思い出の中で完結するのが、母であるためにできる唯一だ。



四職魔法(マギ・クアトロン)・晶拳」



 ジュリアスは瞠目したまま、血を飲み、魔法を編む。

火炎、風刃、水流、輝晶。

四つの属性の魔法を右掌に集中させる。



「私を殺せば、監察官(ヴェルター)を吸い尽くした吸血鬼はクルミを殴ったあと一人ーーバリトンだけだよ。

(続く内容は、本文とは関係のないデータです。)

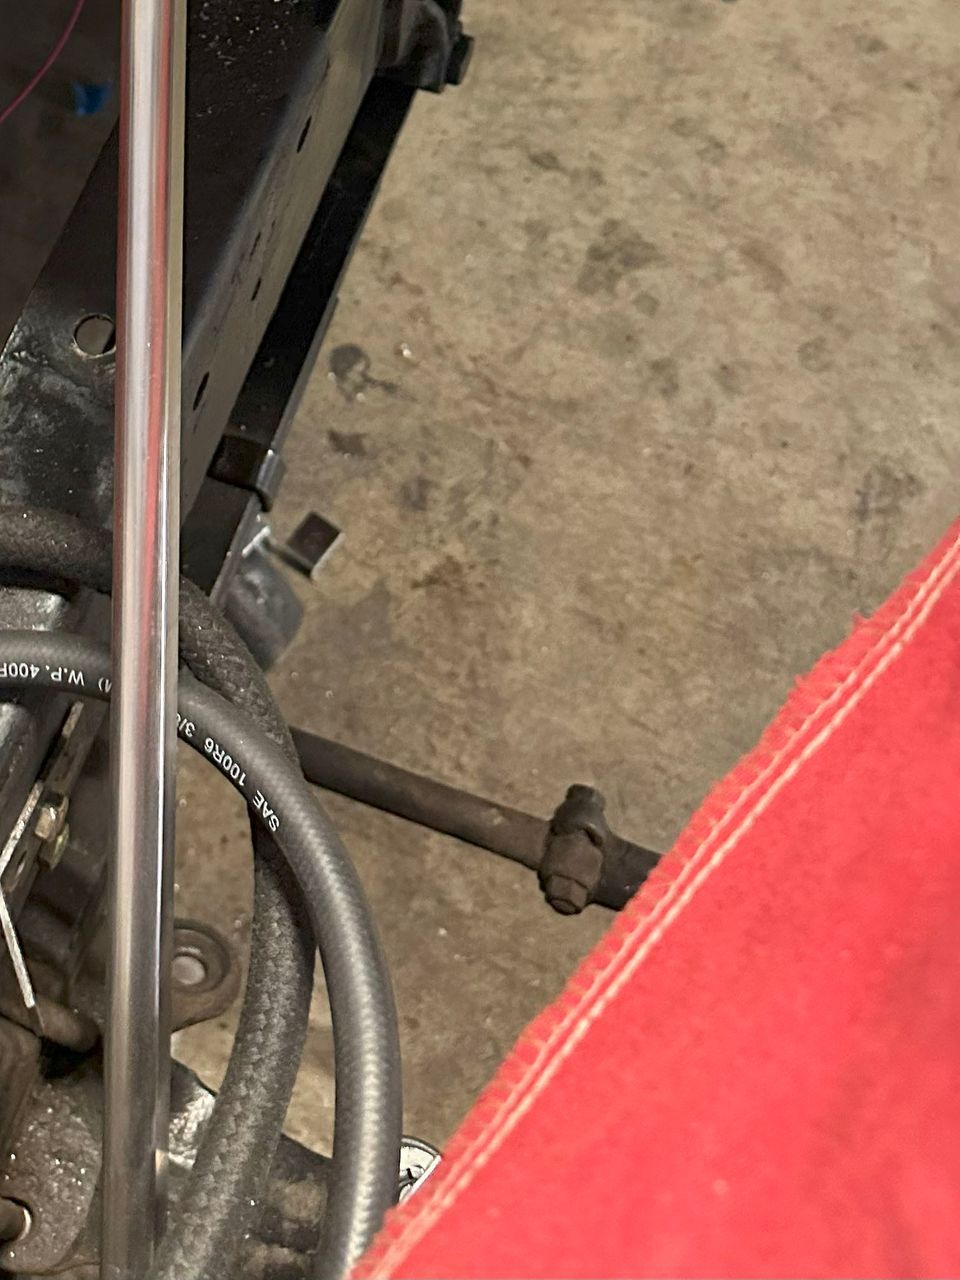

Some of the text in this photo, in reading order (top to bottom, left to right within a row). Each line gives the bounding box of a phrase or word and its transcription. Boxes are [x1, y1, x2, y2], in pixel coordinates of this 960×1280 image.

[44, 664, 86, 687] W.P.
[203, 737, 247, 787] 100R6
[252, 789, 280, 832] SAE

そいつさえ始末すれば……あとの有象無象はアンタが居ればどうとでもなるだろ」


「護身剛拳・堕落頸(フェアデルフ)



 シャーラの言葉を頭に入れながら、ジュリアスは右手の親指をたたみ、それ以外の四指を伸ばし、貫手の形に。

瞳を開き、突撃の構えを取りーー



「あり………がと、う……ジュリ……アス。

あと、……頼……だよ……」



 その右手で、彼女の心臓を貫いた。

広げていた腕が下がり、翼の動きも止まる。

血塗れになった腕を引き抜くと、揚力を失った彼女は地上に落ちる。



「はい、任されました。シャーラ……どうか、安らかに」



 ジュリアスはその死体に見向きもしない。

アレはシャーラではない。シャーラは八年前に死んだ。

ジュリアスが殺したのは……誰とも知れない吸血鬼だ。





 ジュリアスは四職魔法(マギ・クアトロン)を解き、強く拳を握る。

自分が殺したのは敵だ。倒すべき吸血鬼だ。

そう思っていても、割り切れない思いはある。



「隙を見せたな!! ジュリアス!!!

感傷に浸ったその瞬間が……貴様の敗因ーーガッ!?」



 【擬態】を使い、機を伺っていた最後の監察官(ヴェルター)

ジュリアスが感傷に浸るその隙を突き、現れた彼は……一瞬にして喉を突かれた。


 握り締めた右ではなく、貫手にした左手。

奇襲を読み切ったジュリアスによるカウンター。

ジュリアスは、監察官(ヴェルター)が三人掛かりでやっと互角の勝負になる傑物だ。

一対一で、ジュリアスが負けるハズもない。



「割り切れなくても、約束は守りますよ、シャーラ。

この戦場の始末は……私が着けます」



 ジュリアスは空を蹴り、吸血鬼の群れに向かっていく。

もはやただの吸血鬼如きにジュリアスは止められない。


 禁忌を犯した吸血鬼は……ただ、蹂躙されるだけ。

この戦局は、吸血鬼族(ヴァンパイア)に大きく傾いた。


 兵の勝敗はもはや決した。

この場で残る戦いは……王を決める、ユナとハクシャクのそれのみだ。